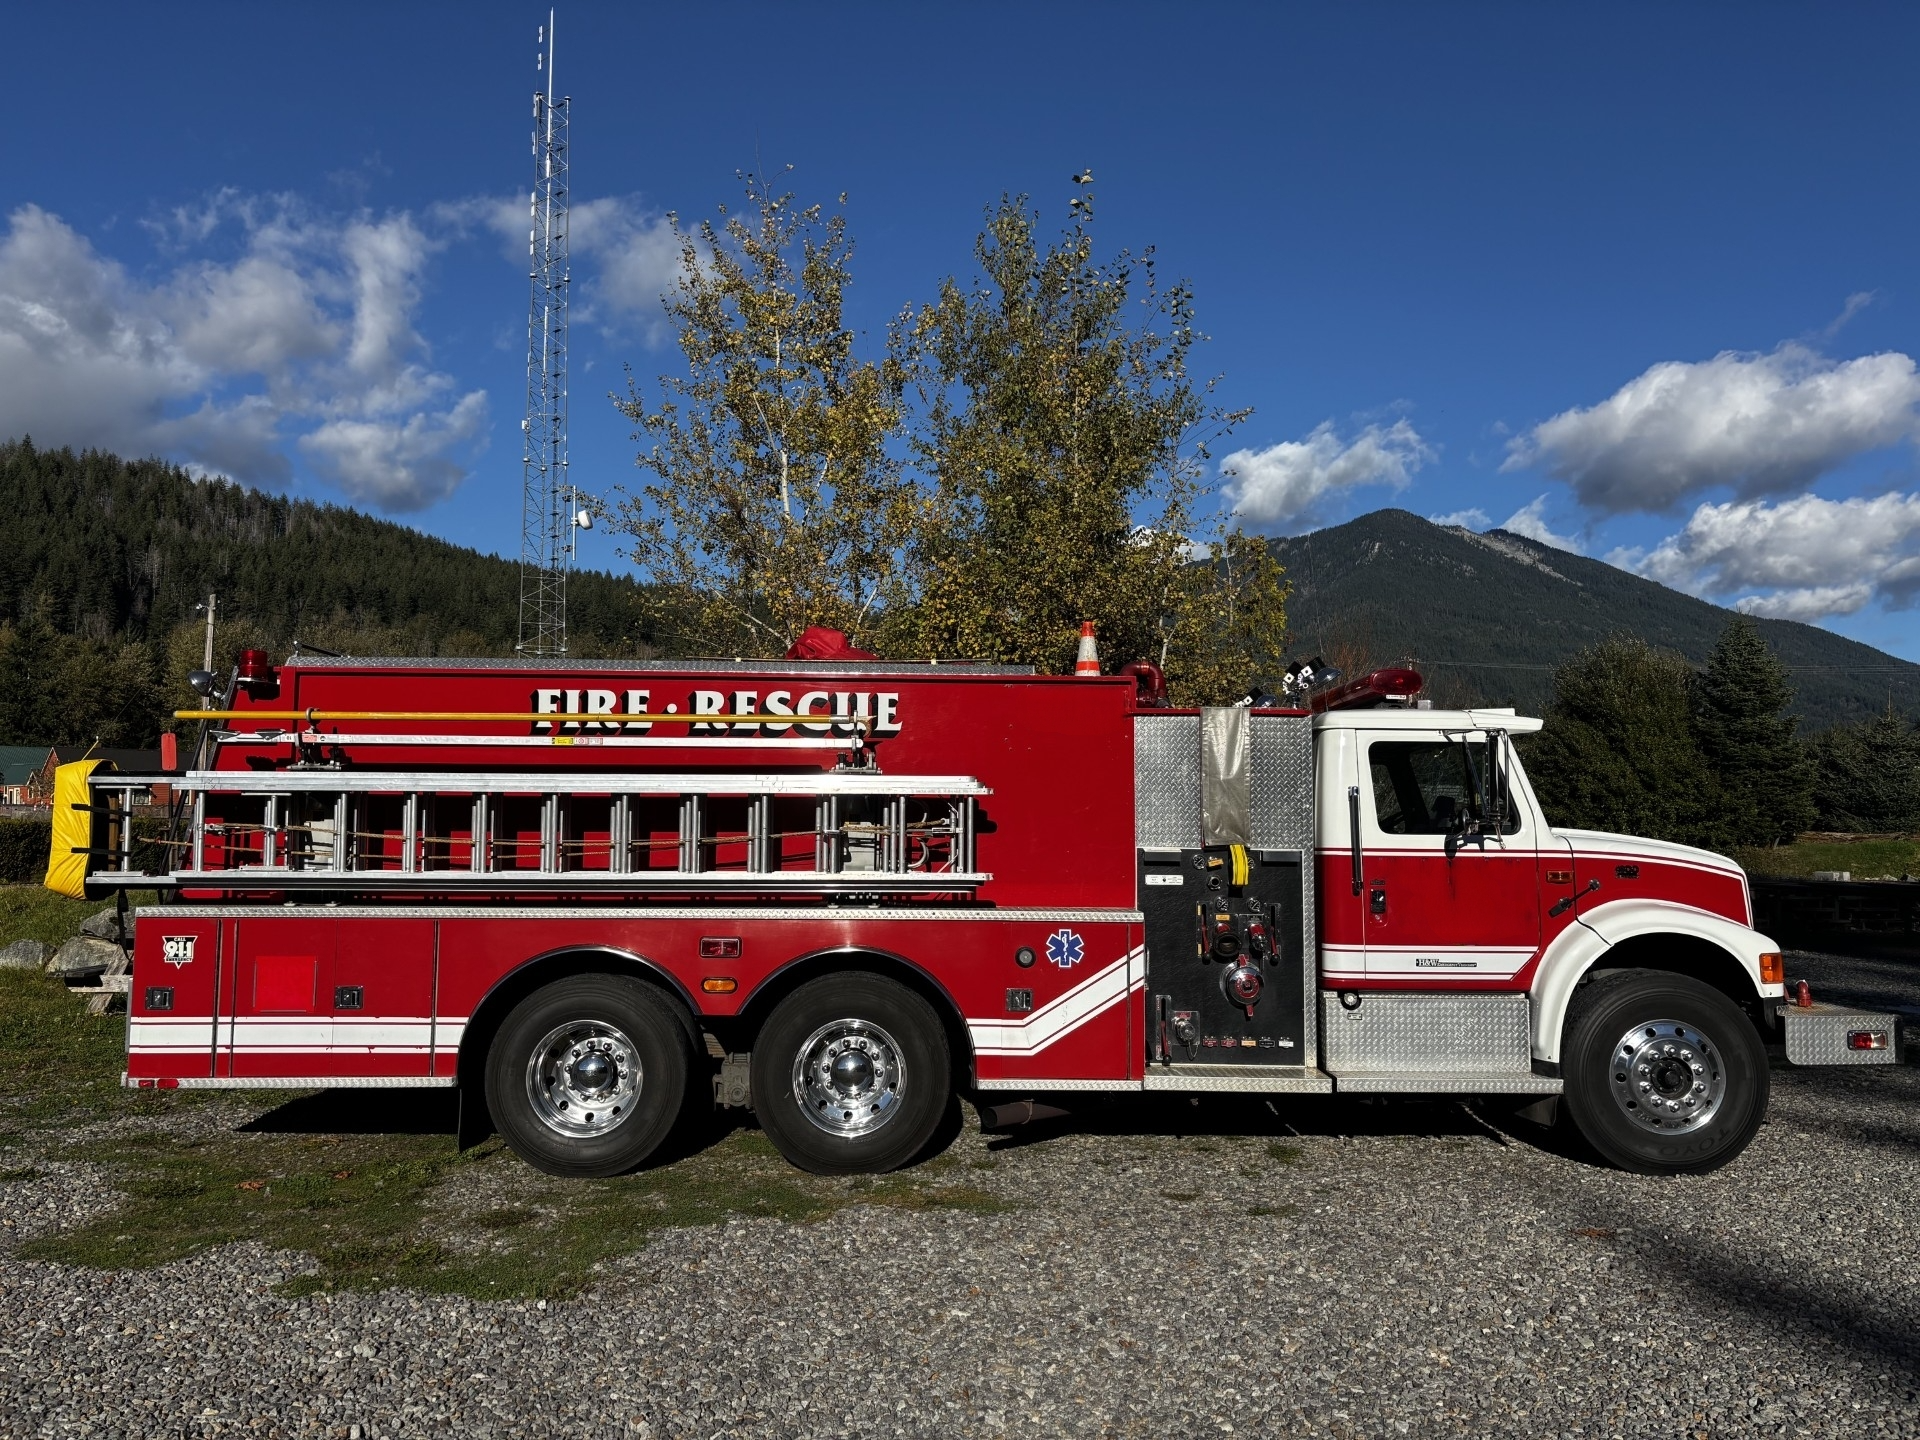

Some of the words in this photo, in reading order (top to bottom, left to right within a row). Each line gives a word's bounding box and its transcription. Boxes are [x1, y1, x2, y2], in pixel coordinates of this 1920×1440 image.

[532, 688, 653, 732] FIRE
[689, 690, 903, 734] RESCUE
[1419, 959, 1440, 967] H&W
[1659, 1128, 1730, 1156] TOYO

* * *

• _PROMPT_
Give all of the material again, exactly, apart from the pictures.

• _TASK RESPONSE_
Some of the words in this photo, in reading order (top to bottom, left to right within a row). Each line gives a word's bounding box and its transcription. Boxes are [x1, y1, x2, y2], in pixel coordinates of this 1920×1440 image.

[532, 688, 653, 732] FIRE
[689, 690, 903, 734] RESCUE
[1419, 959, 1440, 967] H&W
[1659, 1128, 1730, 1156] TOYO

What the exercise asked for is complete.